» **What is required**: Restate the lines exactly, starting at the line that contains "Some of the text" and finishing with the final line of the records.

» **Input data**:

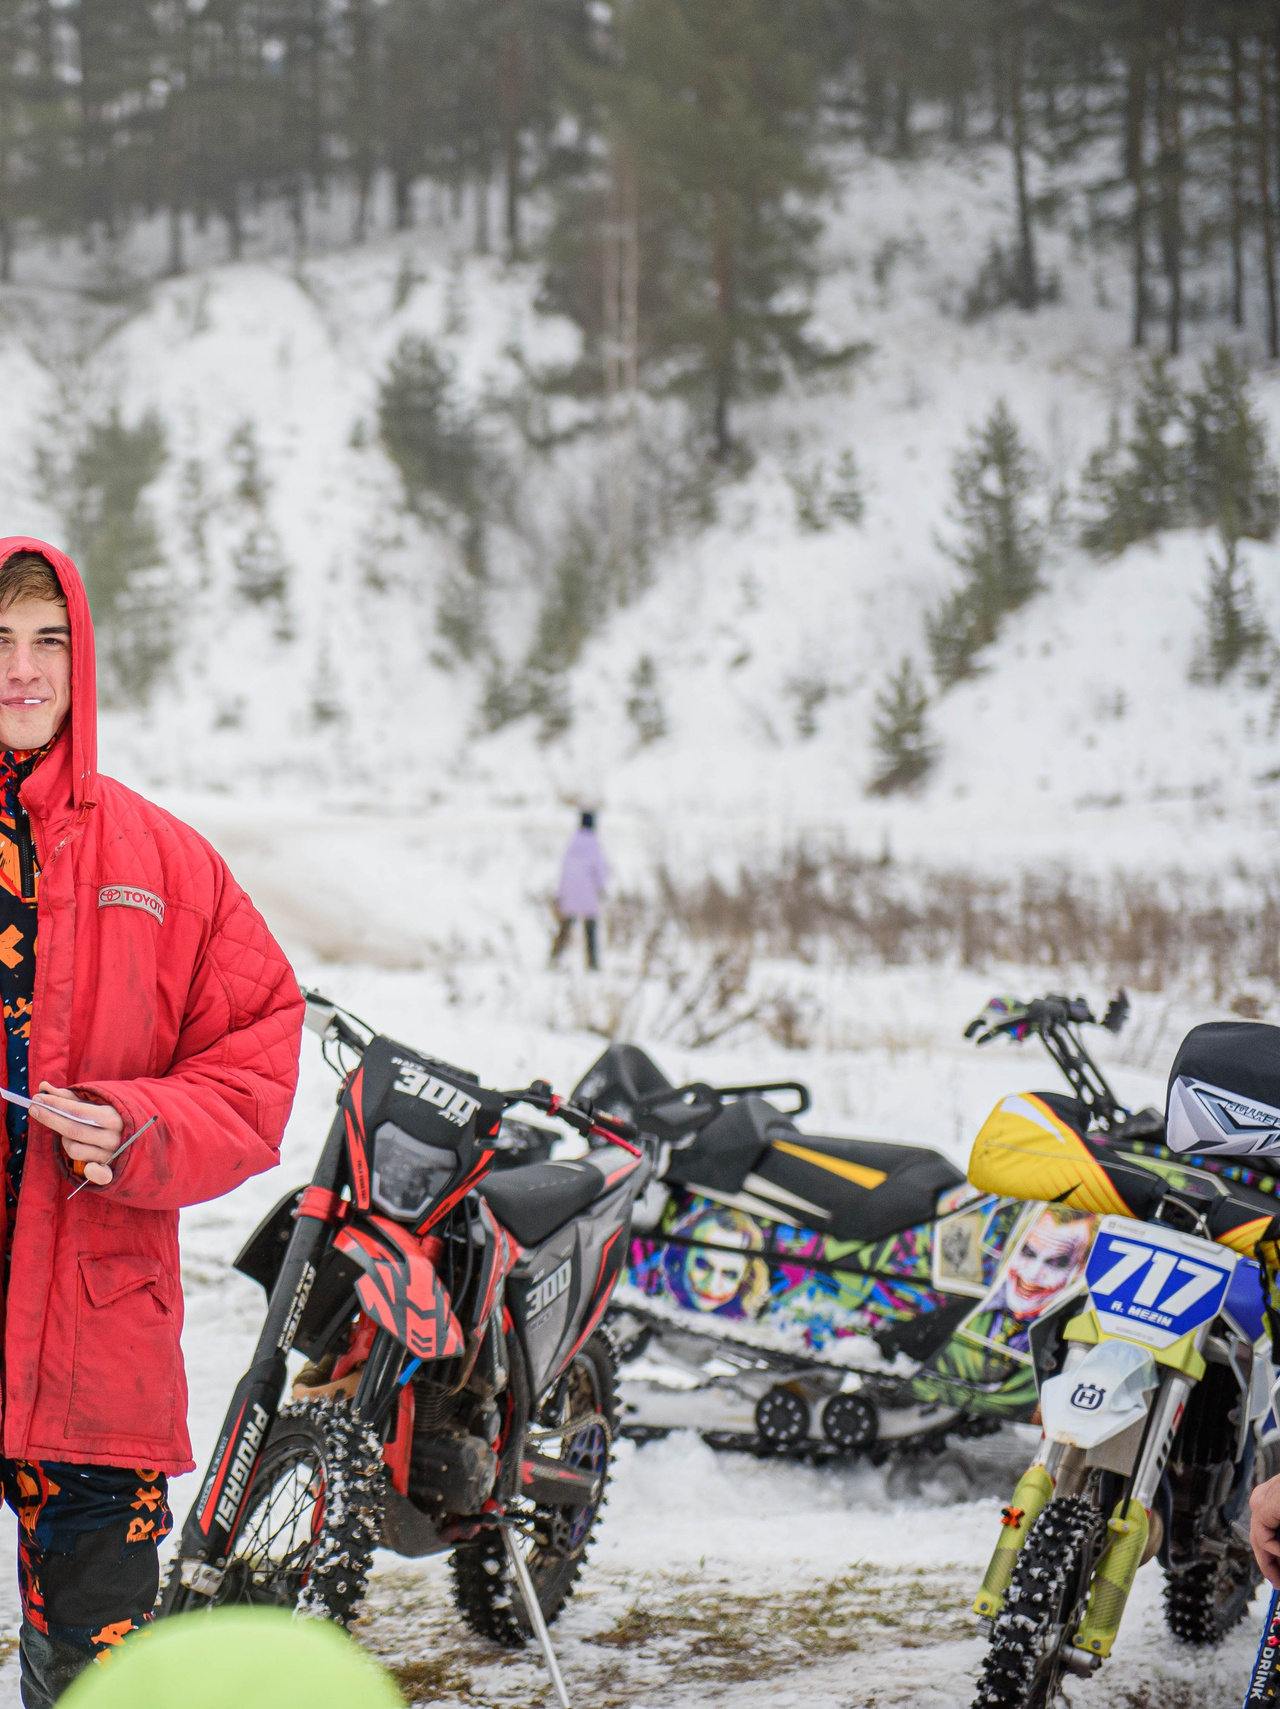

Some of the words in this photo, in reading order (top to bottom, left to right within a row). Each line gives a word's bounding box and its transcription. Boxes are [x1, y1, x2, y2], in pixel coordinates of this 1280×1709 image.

[394, 1066, 482, 1122] 300
[525, 1257, 572, 1321] 300
[1089, 1239, 1224, 1318] 717
[1127, 1304, 1174, 1328] MEZIN
[214, 1402, 270, 1533] PROGASI
[1249, 1646, 1276, 1701] DRINK
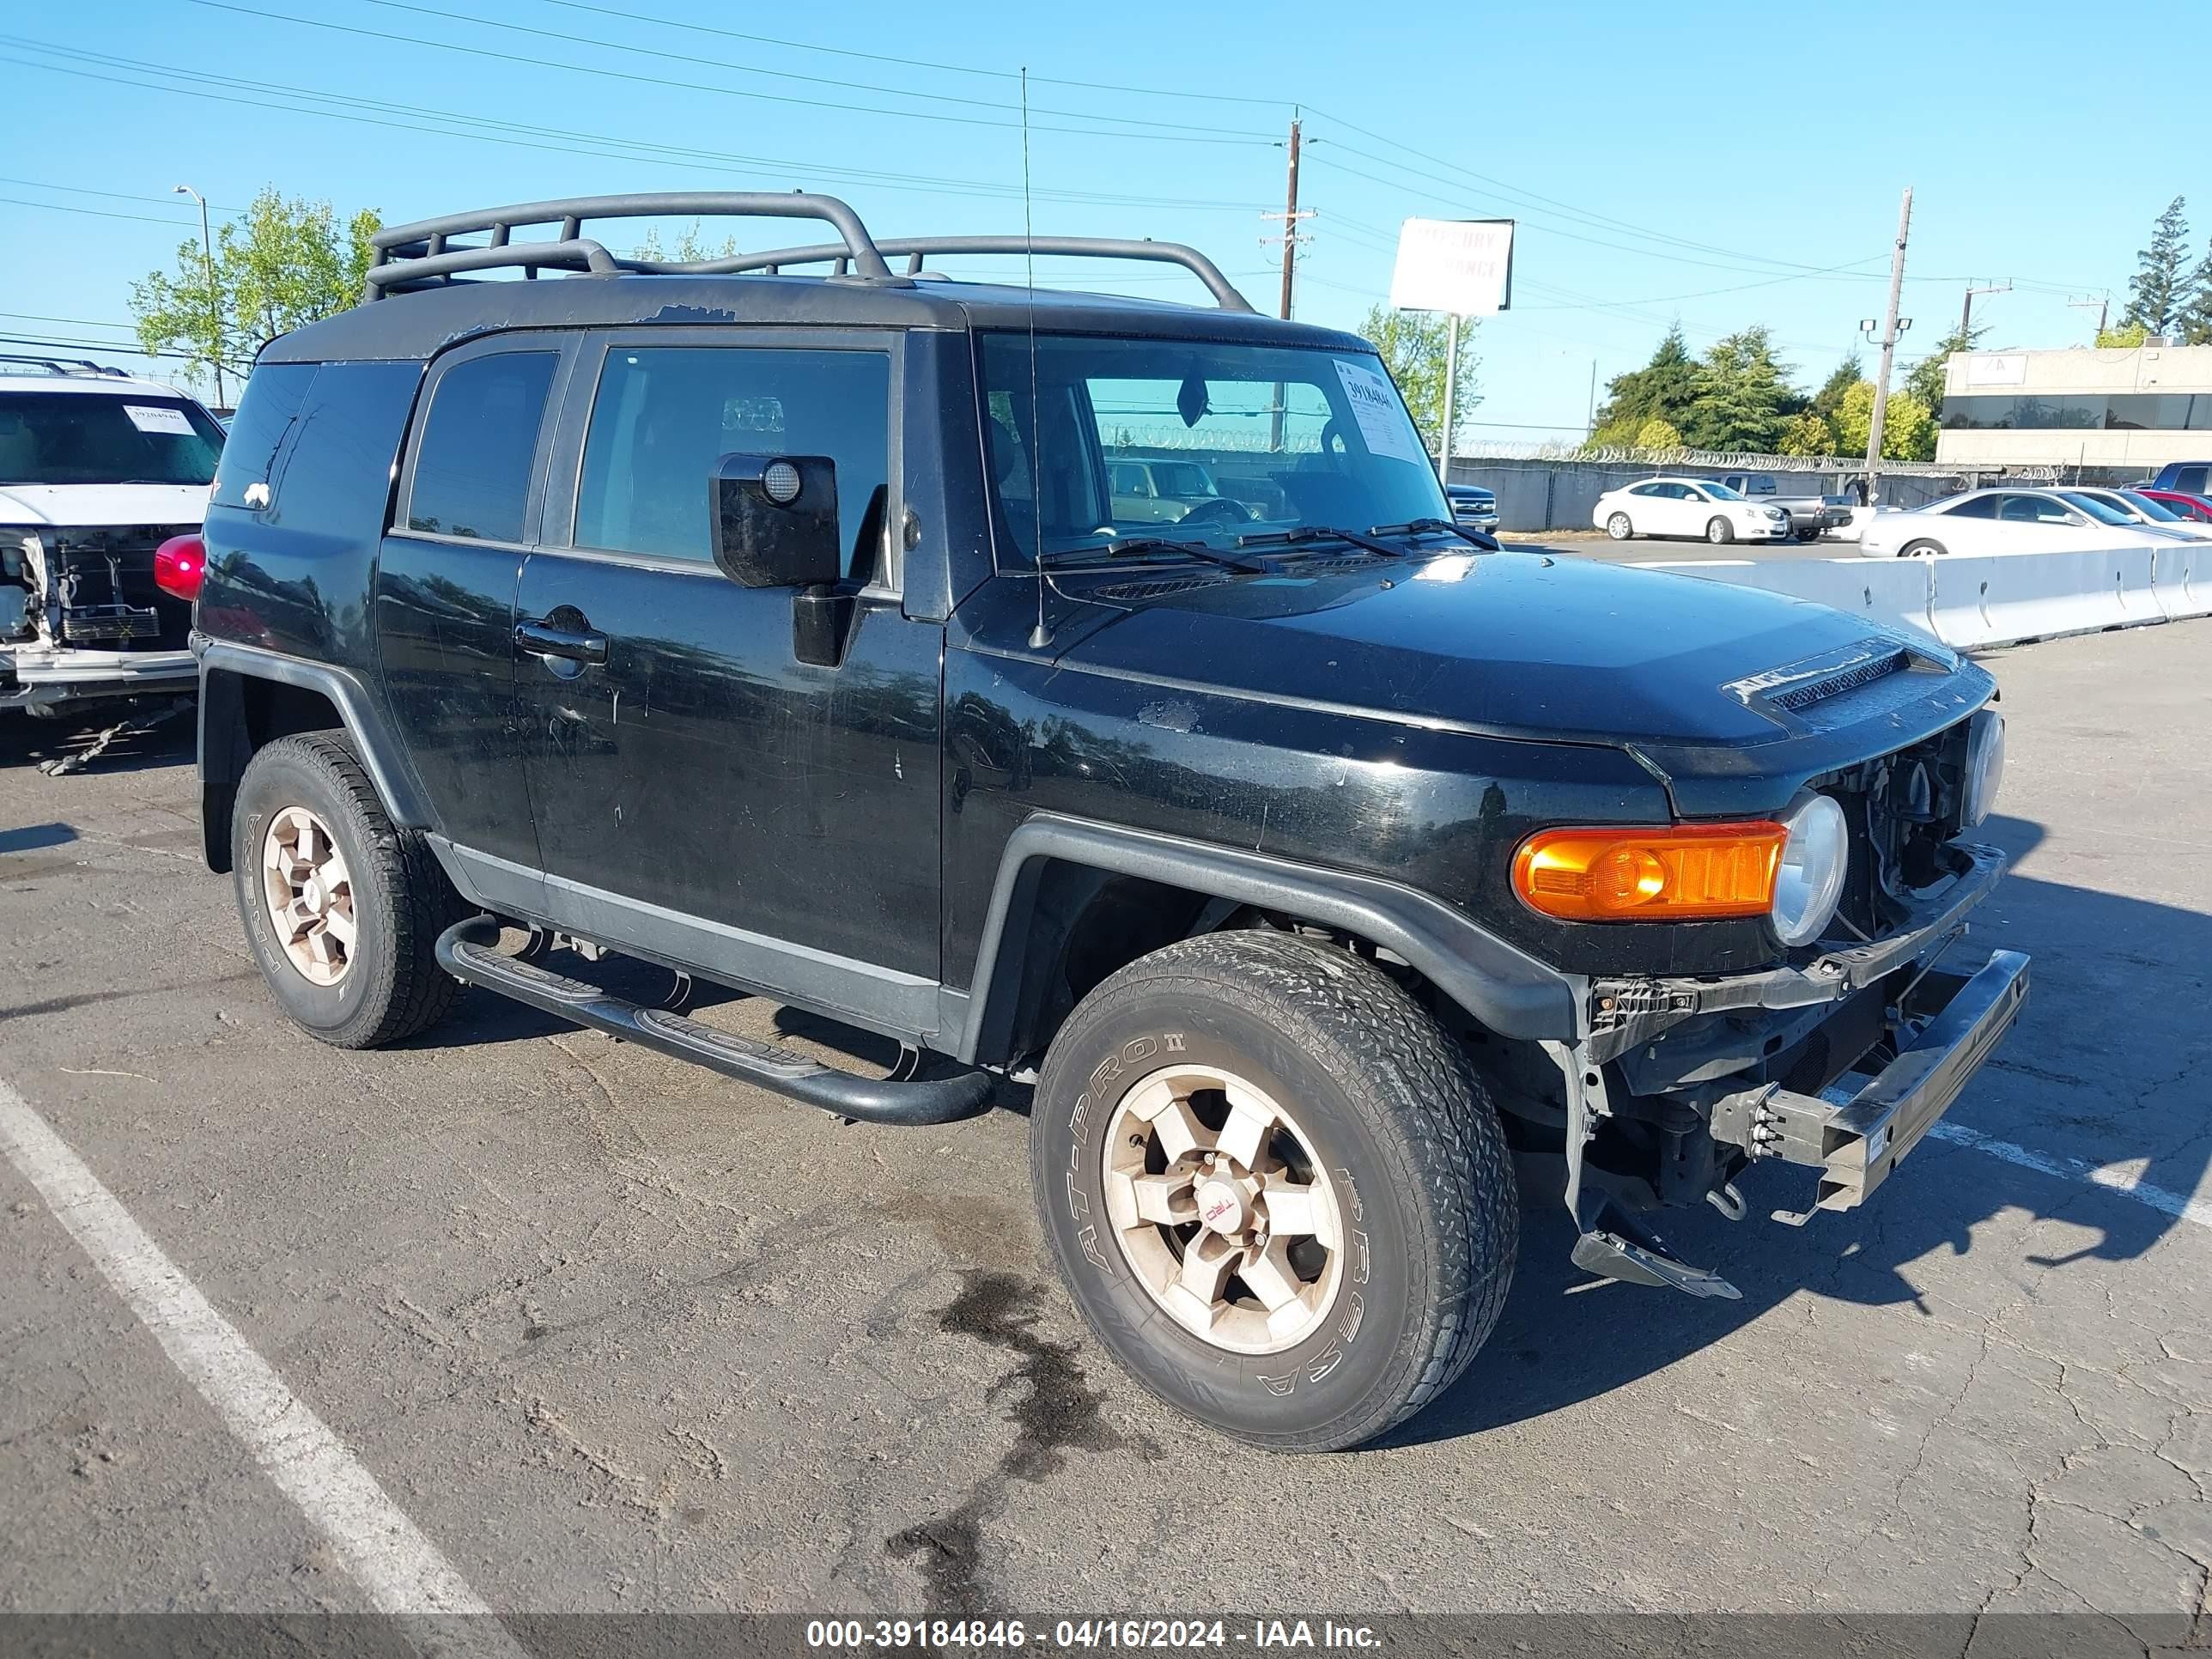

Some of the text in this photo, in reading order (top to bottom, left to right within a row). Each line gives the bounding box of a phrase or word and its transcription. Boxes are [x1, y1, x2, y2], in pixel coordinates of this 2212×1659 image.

[1347, 381, 1394, 410] 39184846
[242, 814, 282, 974] PRESA
[1205, 1199, 1235, 1221] TRD
[1255, 1165, 1369, 1398] PRESA

» **Solution to the problem**:
Some of the text in this photo, in reading order (top to bottom, left to right within a row). Each line gives the bounding box of a phrase or word and its transcription. Boxes are [x1, y1, x2, y2], in pixel coordinates of this 2212×1659 image.

[1347, 381, 1394, 410] 39184846
[242, 814, 282, 974] PRESA
[1205, 1199, 1235, 1221] TRD
[1255, 1165, 1369, 1398] PRESA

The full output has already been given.